Regulation of Meetings. (a) Notwithstanding any other provisions of this Indenture, the Trustee may make such reasonable regulations as it may deem advisable for any meeting of Securityholders, in regard to proof of the holding of Securities and of the appointment of proxies, and in regard to the appointment and duties of inspectors of votes, the submission and examination of proxies, certificates and other evidence of the right to vote, and such other matters concerning the conduct of the meeting as it shall deem fit. (b) The Trustee shall, by an instrument in writing, appoint a temporary chairman of the meeting, unless the meeting shall have been called by the Company or by Securityholders as provided in Section 9.03, in which case the Company or the Securityholders calling the meeting, as the case may be, shall in like manner appoint a temporary chair. A permanent chairman and a permanent secretary of the meeting shall be elected by majority vote of the meeting. (c) At any meeting of Securityholders of a series, each Securityholder of such series of such Securityholder’s proxy shall be entitled to one vote for each $1,000 principal amount of Securities of such series Outstanding held or represented by him or herhim; provided, however, that no vote shall be cast or counted at any meeting in respect of any Security challenged as not Outstanding and ruled by the chairman of the meeting to be not Outstanding.
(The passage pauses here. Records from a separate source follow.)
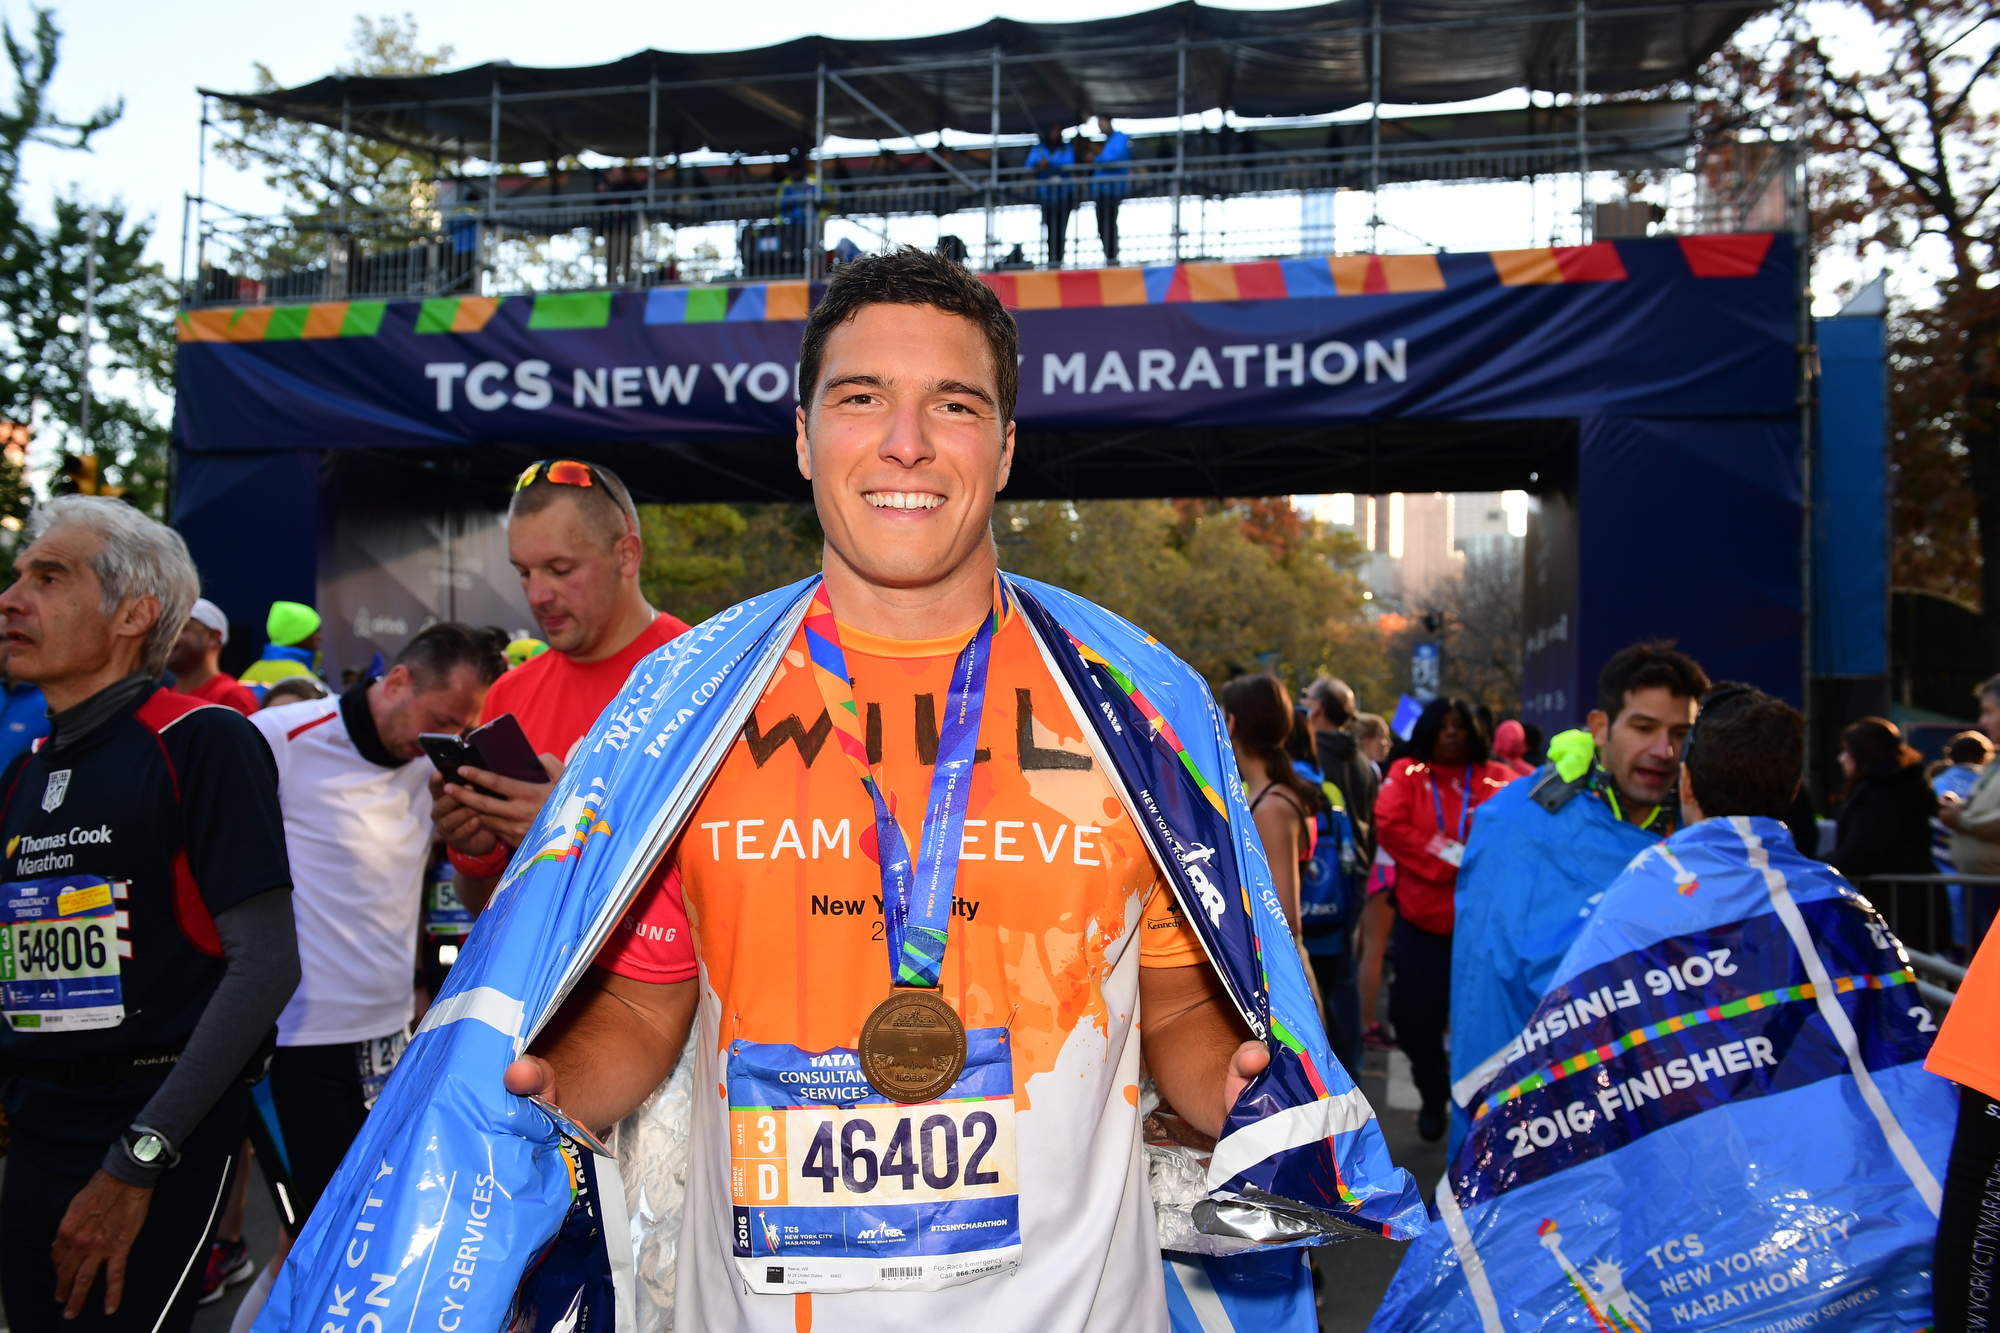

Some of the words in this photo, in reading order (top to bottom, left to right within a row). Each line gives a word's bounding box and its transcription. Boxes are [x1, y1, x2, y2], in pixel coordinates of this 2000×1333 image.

[424, 359, 553, 412] TCS
[573, 364, 700, 408] NEW
[712, 361, 801, 403] YO
[1042, 338, 1407, 395] MARATHON
[963, 660, 974, 699] MARATHON
[644, 708, 694, 759] TATA
[745, 687, 1093, 772] WILL
[947, 772, 957, 790] TCS
[945, 791, 953, 809] NEW
[1140, 789, 1160, 816] NEW
[1156, 814, 1175, 846] YORK
[941, 809, 949, 830] YORK
[21, 833, 67, 854] Thomas
[68, 824, 113, 845] Cook
[700, 818, 851, 862] TEAM
[921, 819, 1101, 867] EEVE
[938, 830, 946, 850] CITY
[16, 852, 74, 876] Marathon
[931, 850, 943, 891] MARATHON
[897, 874, 905, 894] TCS
[811, 895, 866, 916] New
[951, 895, 980, 922] ity
[900, 894, 908, 913] NEW
[1, 927, 10, 951] 3
[1147, 918, 1182, 930] Kennedy
[3, 956, 12, 978] F
[18, 924, 107, 973] 54806
[1643, 948, 1738, 997] 2016
[778, 1069, 867, 1085] CONSULTAN
[809, 1053, 856, 1067] TATA
[800, 1086, 869, 1100] SERVICES
[1505, 1100, 1596, 1159] 2016
[1597, 1035, 1778, 1122] FINISHER
[757, 1115, 777, 1153] 3
[801, 1110, 1000, 1194] 46402
[757, 1164, 779, 1201] D
[346, 1156, 393, 1269] CITY
[930, 1219, 1008, 1232] #TCSNYCMARATHON
[449, 1172, 495, 1292] SERVICES
[738, 1216, 749, 1248] 2016
[1972, 1229, 1998, 1267] CITY
[1646, 1233, 1705, 1271] TCS
[1659, 1263, 1712, 1297] NEW
[1716, 1241, 1788, 1277] YORK
[1791, 1216, 1851, 1255] CITY
[1671, 1264, 1810, 1325] MARATHON
[1820, 1286, 1879, 1319] SERVICES
[1967, 1264, 1992, 1310] YORK
The chairman of the meeting shall have no right to vote other than by virtue of Securities of such series held by him or her or instruments in writing as aforesaid duly designating him or her as the Person to vote on behalf of other Securityholders. At any meeting of the Securityholders duly called pursuant to the provisions of Section 9.02 or 9.03, the presence of Persons holding or representing Securities in an aggregate principal amount sufficient to take action upon the business for the transaction of which such meeting was called shall be necessary to constitute a quorum, and any such meeting may be adjourned from time to time by a majority of those present, whether or not constituting a quorum, and the meeting may be held as so adjourned without further notice.

Appears in 2 contracts

Samples: Indenture (Alkermes Plc.), Indenture (Dollar Thrifty Automotive Group Inc)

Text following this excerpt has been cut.